The Farm Advantage case is the first to challenge the PTO decision on plant-patenting as an illegal usurpation of the powers of Congress. In the 13 years in which it went unchallenged, the PTO decision revolutionised plant-patenting, allowing companies such as Pioneer to obtain full Patent Act protection over their new plant varieties. Plant varieties could now be patented in exactly the same manner as different varieties of toaster or tennis racquet. The PTO now treated plants no differently from machines.
For over a decade the United States has been trying to globalise the 1985 PTO decision and force full plant-patenting on all the nations of the world. It sees this patenting push as key to ensuring international enforcement of US plant patents and for its ability to 'pirate' and patent germplasm of developing countries. US pressure for plant patents may have reached an apex in 1994 during the Uruguay Round of negotiations of the General Agreement on Tariffs and Trade (GATT). Then, the United States insisted that the trade agreement provided intellectual property protection, including protection for plants. The resulting Agreement on Trade Related Aspects of Intellectual Property Rights (TRIPS), arrived at only after significant negotiations, was only a partial success for the United States. TRIPS did mandate the patenting of microbes but (under Article 27.3[b]) allowed for nations to avoid patenting plant varieties, specifically allowing alternatives to such patent-protection.

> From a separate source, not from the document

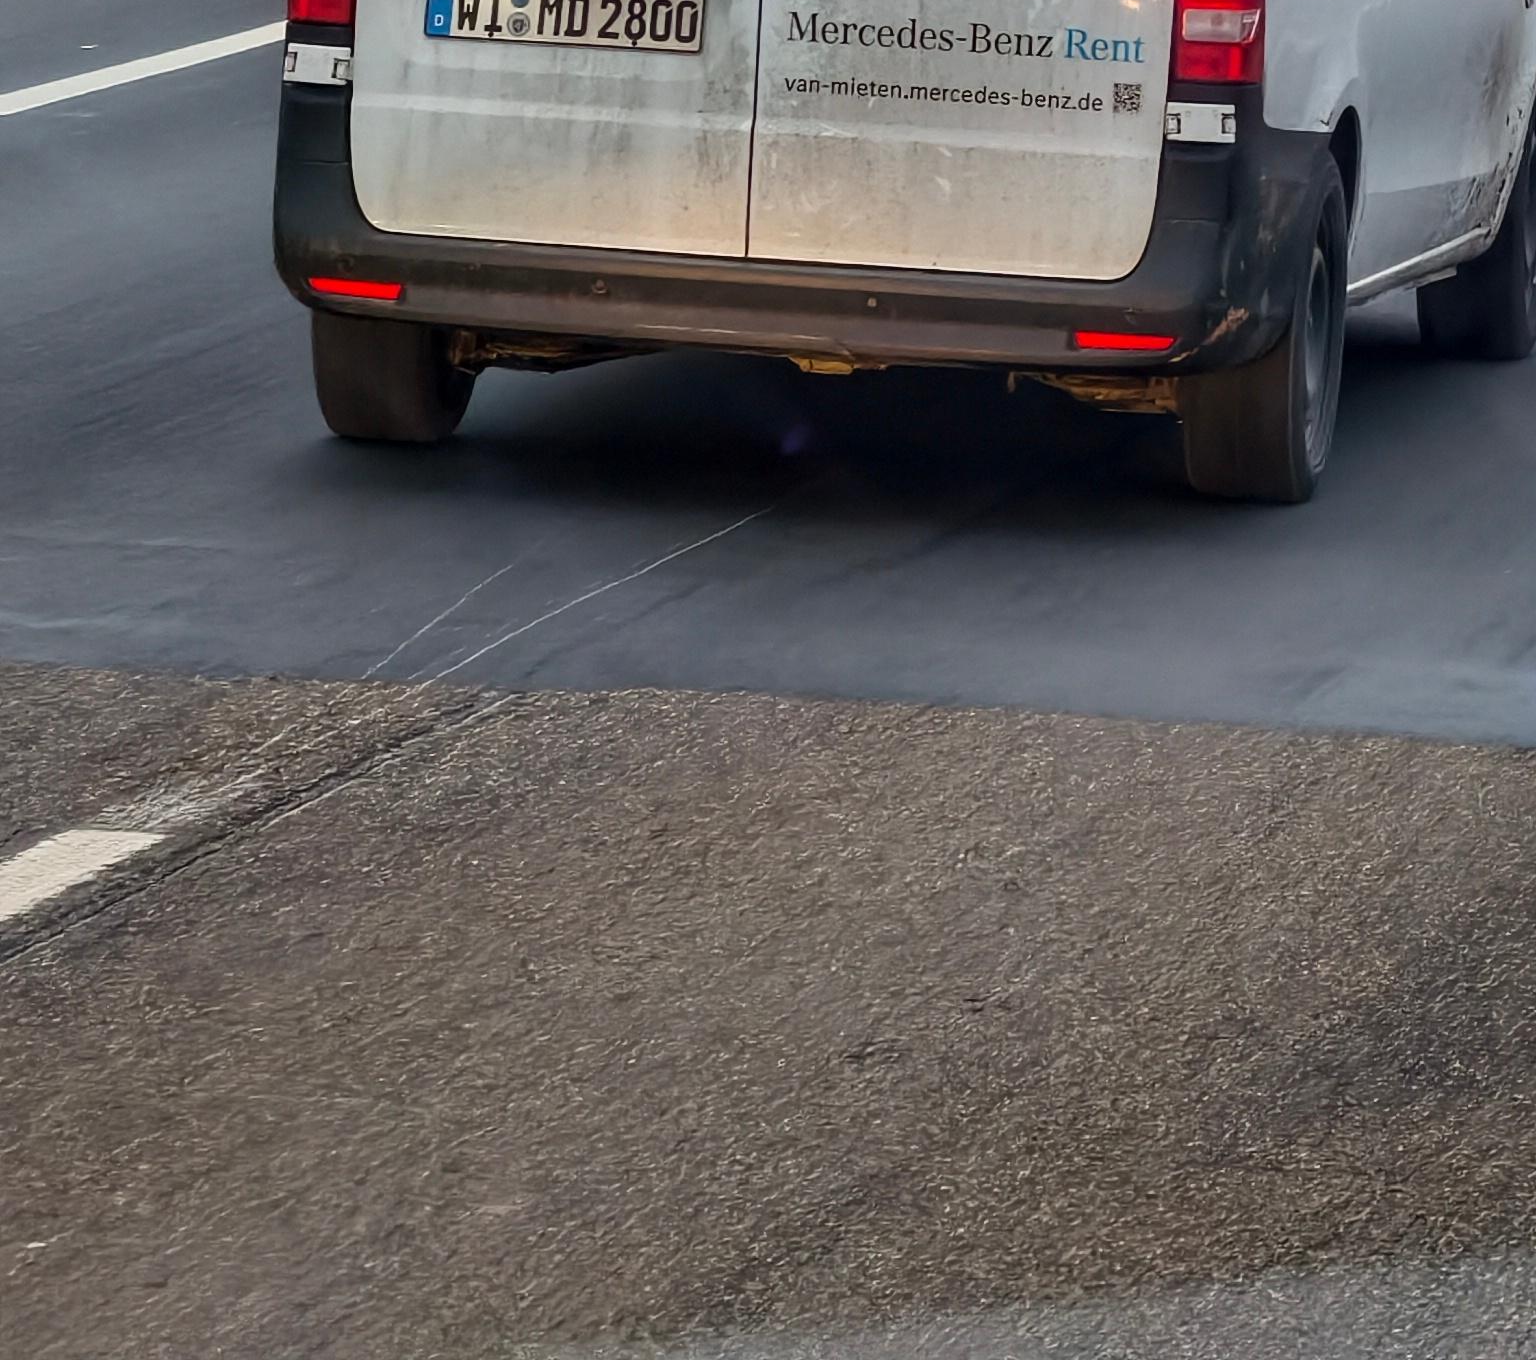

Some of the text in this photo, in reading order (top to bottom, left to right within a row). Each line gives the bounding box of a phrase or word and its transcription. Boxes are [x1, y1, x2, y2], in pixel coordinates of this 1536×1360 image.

[787, 11, 1145, 64] Mercedes-Benz Rent
[785, 77, 1103, 112] van-mieten.mercedes-benz.de

Many countries have taken advantage of this Article 27 exception and passed legislation that provides alternative protection for plants. This raises the ire of the United States which continues to oppose this exception and exert significant pressure on the international community to allow for the patenting of seed varieties. The exception comes up for a mandated review in 1999 by the TRIPS Council. It is certain that the United States will strongly argue that this exception be eliminated.
With the future of 21st century agriculture at stake, it is clearly time for the larger activist community to become involved in the fight against the patenting of seeds. The next months will be critical. Oral arguments in the Farm Advantage case, now at the Court of Appeal for the Federal Circuit, will probably take place this summer, with a decision in the case likely by late autumn. Meanwhile, the World Trade Organisation's ministerial meeting in Seattle in November 1999 will be conducting the five-year review of the plant-patenting provisions of TRIPS.
The significance of these decisions for the future of agriculture, biodiversity and the small farmer, both in the United States and the world, is hard to overestimate. Increased international grassroots pressure on legislators and regulators urging them to oppose plant-patenting, a series of organised court challenges to plant patents, new alliances between farmers and consumers against corporate control of seeds, are some of the steps urgently needed if the agribusiness drive to patent the world's seeds is to be halted.